- _Required action_
Your answer must be an exact copy of the records, minus any pictures.

- _Data records_
....

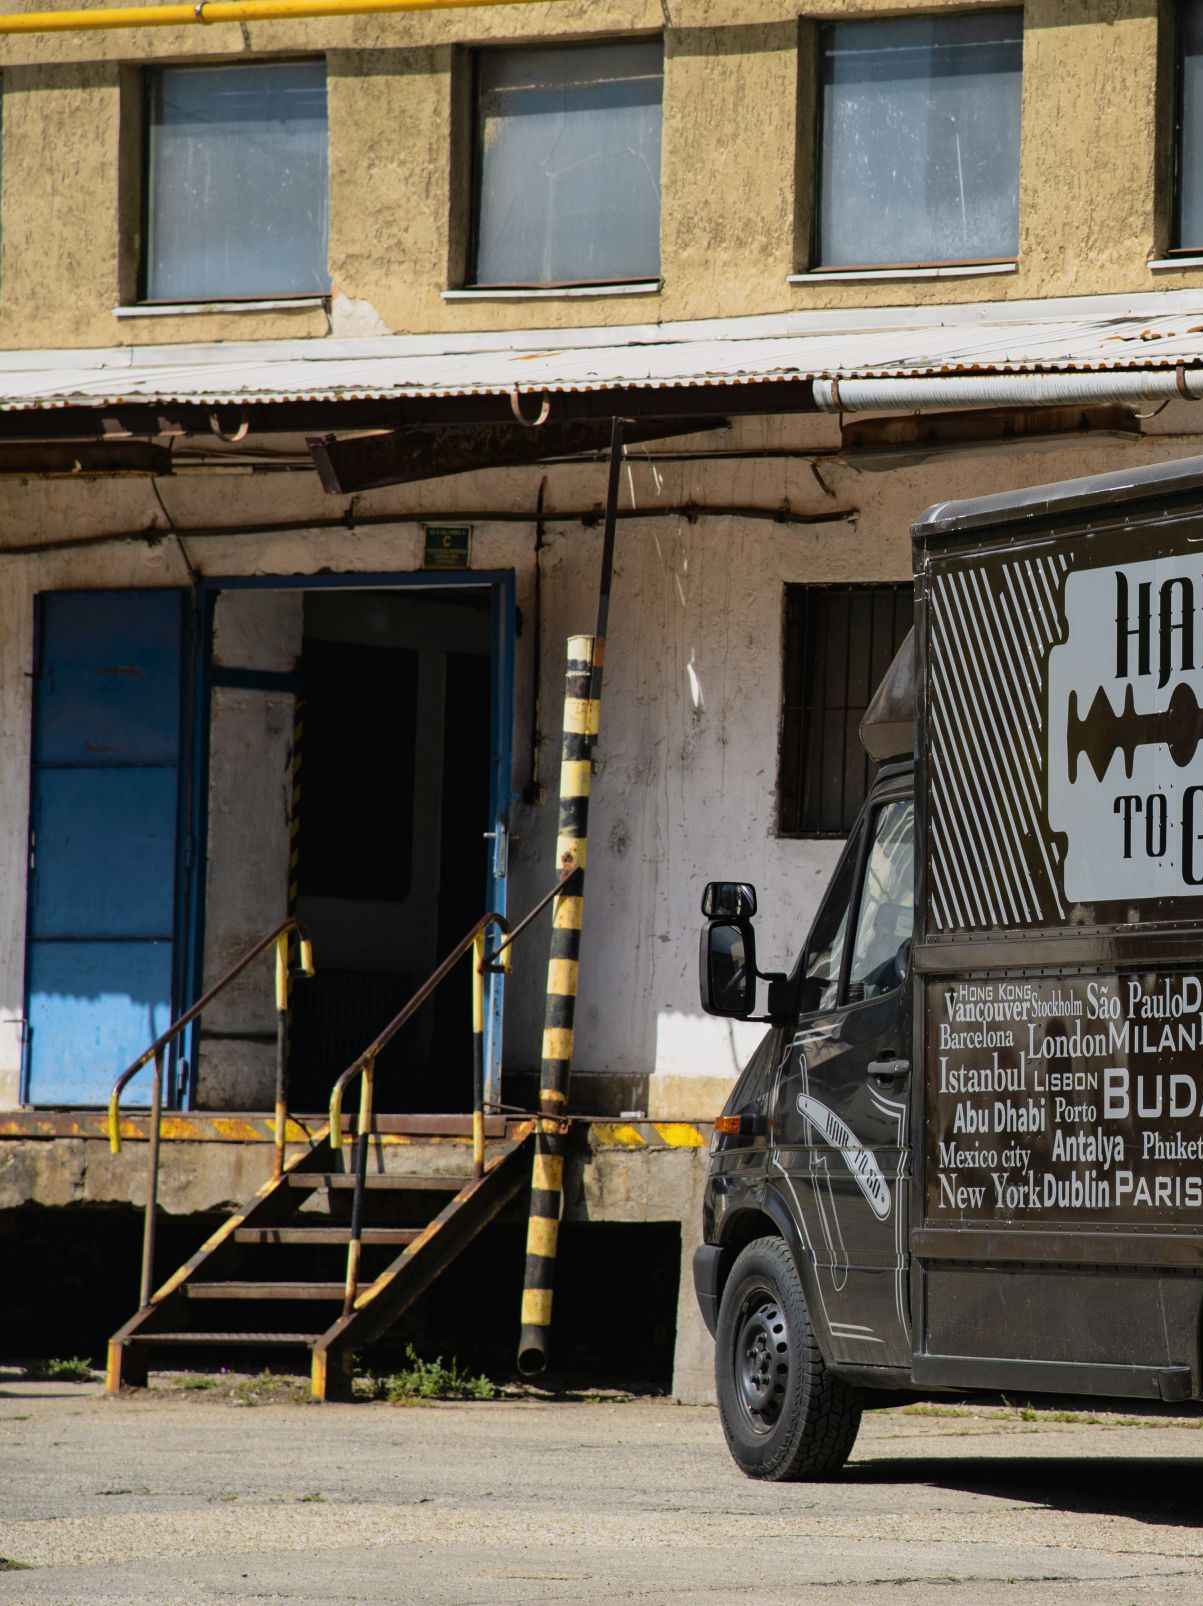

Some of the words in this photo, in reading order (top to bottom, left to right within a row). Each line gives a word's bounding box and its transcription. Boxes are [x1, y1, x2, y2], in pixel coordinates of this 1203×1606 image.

[1113, 793, 1168, 859] TO
[944, 992, 1031, 1023] Vancouver
[959, 985, 993, 1001] HONG
[999, 983, 1031, 1001] KONG
[1031, 989, 1083, 1018] Stockholm
[1086, 982, 1121, 1020] São
[1127, 978, 1183, 1019] Paulo
[939, 1021, 1014, 1050] Barcelona
[1027, 1019, 1109, 1059] London
[1108, 1021, 1197, 1054] MILAN
[938, 1051, 1027, 1094] Istanbul
[1034, 1070, 1098, 1092] LISBON
[953, 1100, 989, 1134] Abu
[994, 1097, 1046, 1133] Dhabi
[1054, 1097, 1097, 1123] Porto
[825, 1112, 849, 1149] HAIR
[1051, 1126, 1125, 1171] Antalya
[1142, 1131, 1203, 1160] Phuket
[938, 1140, 998, 1169] Mexico
[1002, 1140, 1031, 1176] city
[938, 1173, 986, 1209] New
[990, 1170, 1042, 1209] York
[1043, 1169, 1110, 1208] Dublin
[1115, 1170, 1203, 1208] PARIS

....

- _Written response_
Some of the words in this photo, in reading order (top to bottom, left to right within a row). Each line gives a word's bounding box and its transcription. Boxes are [x1, y1, x2, y2], in pixel coordinates of this 1203×1606 image.

[1113, 793, 1168, 859] TO
[944, 992, 1031, 1023] Vancouver
[959, 985, 993, 1001] HONG
[999, 983, 1031, 1001] KONG
[1031, 989, 1083, 1018] Stockholm
[1086, 982, 1121, 1020] São
[1127, 978, 1183, 1019] Paulo
[939, 1021, 1014, 1050] Barcelona
[1027, 1019, 1109, 1059] London
[1108, 1021, 1197, 1054] MILAN
[938, 1051, 1027, 1094] Istanbul
[1034, 1070, 1098, 1092] LISBON
[953, 1100, 989, 1134] Abu
[994, 1097, 1046, 1133] Dhabi
[1054, 1097, 1097, 1123] Porto
[825, 1112, 849, 1149] HAIR
[1051, 1126, 1125, 1171] Antalya
[1142, 1131, 1203, 1160] Phuket
[938, 1140, 998, 1169] Mexico
[1002, 1140, 1031, 1176] city
[938, 1173, 986, 1209] New
[990, 1170, 1042, 1209] York
[1043, 1169, 1110, 1208] Dublin
[1115, 1170, 1203, 1208] PARIS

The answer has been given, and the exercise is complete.